**TASK PROMPT**
From the line that contains "Some of the words" to the last line of the entries, set down each line exactly as written, both ends included, with nothing else.
______________________________
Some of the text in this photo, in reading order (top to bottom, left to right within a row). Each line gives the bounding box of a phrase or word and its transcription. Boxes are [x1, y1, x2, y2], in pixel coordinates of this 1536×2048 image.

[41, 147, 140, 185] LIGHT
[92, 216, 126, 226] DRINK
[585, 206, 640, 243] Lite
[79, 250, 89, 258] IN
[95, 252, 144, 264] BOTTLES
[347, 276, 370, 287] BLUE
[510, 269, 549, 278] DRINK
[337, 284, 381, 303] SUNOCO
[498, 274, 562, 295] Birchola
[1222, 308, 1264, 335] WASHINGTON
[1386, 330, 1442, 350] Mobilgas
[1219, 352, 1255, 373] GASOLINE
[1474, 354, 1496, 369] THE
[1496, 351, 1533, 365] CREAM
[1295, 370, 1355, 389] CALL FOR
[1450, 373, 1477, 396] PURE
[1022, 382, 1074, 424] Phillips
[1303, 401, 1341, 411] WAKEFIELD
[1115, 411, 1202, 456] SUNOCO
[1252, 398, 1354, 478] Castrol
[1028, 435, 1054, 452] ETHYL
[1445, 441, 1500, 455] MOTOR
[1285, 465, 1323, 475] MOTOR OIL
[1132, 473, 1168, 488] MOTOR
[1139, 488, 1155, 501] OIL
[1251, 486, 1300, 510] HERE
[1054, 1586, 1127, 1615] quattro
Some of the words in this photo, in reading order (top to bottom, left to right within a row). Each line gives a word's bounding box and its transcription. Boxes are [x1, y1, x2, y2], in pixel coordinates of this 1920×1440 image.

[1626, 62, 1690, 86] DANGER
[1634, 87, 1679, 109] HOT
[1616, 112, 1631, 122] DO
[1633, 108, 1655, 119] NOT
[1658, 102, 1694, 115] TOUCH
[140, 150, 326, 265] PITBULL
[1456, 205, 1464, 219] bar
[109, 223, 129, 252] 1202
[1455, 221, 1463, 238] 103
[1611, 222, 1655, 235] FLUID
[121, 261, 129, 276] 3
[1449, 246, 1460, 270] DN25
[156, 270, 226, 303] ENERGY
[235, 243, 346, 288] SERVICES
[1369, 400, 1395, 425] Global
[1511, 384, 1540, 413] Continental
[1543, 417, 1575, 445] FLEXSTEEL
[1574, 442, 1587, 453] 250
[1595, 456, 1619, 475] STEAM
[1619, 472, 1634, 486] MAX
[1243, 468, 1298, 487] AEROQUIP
______________________________
**ANSWER BELOW**
Some of the words in this photo, in reading order (top to bottom, left to right within a row). Each line gives a word's bounding box and its transcription. Boxes are [x1, y1, x2, y2], in pixel coordinates of this 1920×1440 image.

[1626, 62, 1690, 86] DANGER
[1634, 87, 1679, 109] HOT
[1616, 112, 1631, 122] DO
[1633, 108, 1655, 119] NOT
[1658, 102, 1694, 115] TOUCH
[140, 150, 326, 265] PITBULL
[1456, 205, 1464, 219] bar
[109, 223, 129, 252] 1202
[1455, 221, 1463, 238] 103
[1611, 222, 1655, 235] FLUID
[121, 261, 129, 276] 3
[1449, 246, 1460, 270] DN25
[156, 270, 226, 303] ENERGY
[235, 243, 346, 288] SERVICES
[1369, 400, 1395, 425] Global
[1511, 384, 1540, 413] Continental
[1543, 417, 1575, 445] FLEXSTEEL
[1574, 442, 1587, 453] 250
[1595, 456, 1619, 475] STEAM
[1619, 472, 1634, 486] MAX
[1243, 468, 1298, 487] AEROQUIP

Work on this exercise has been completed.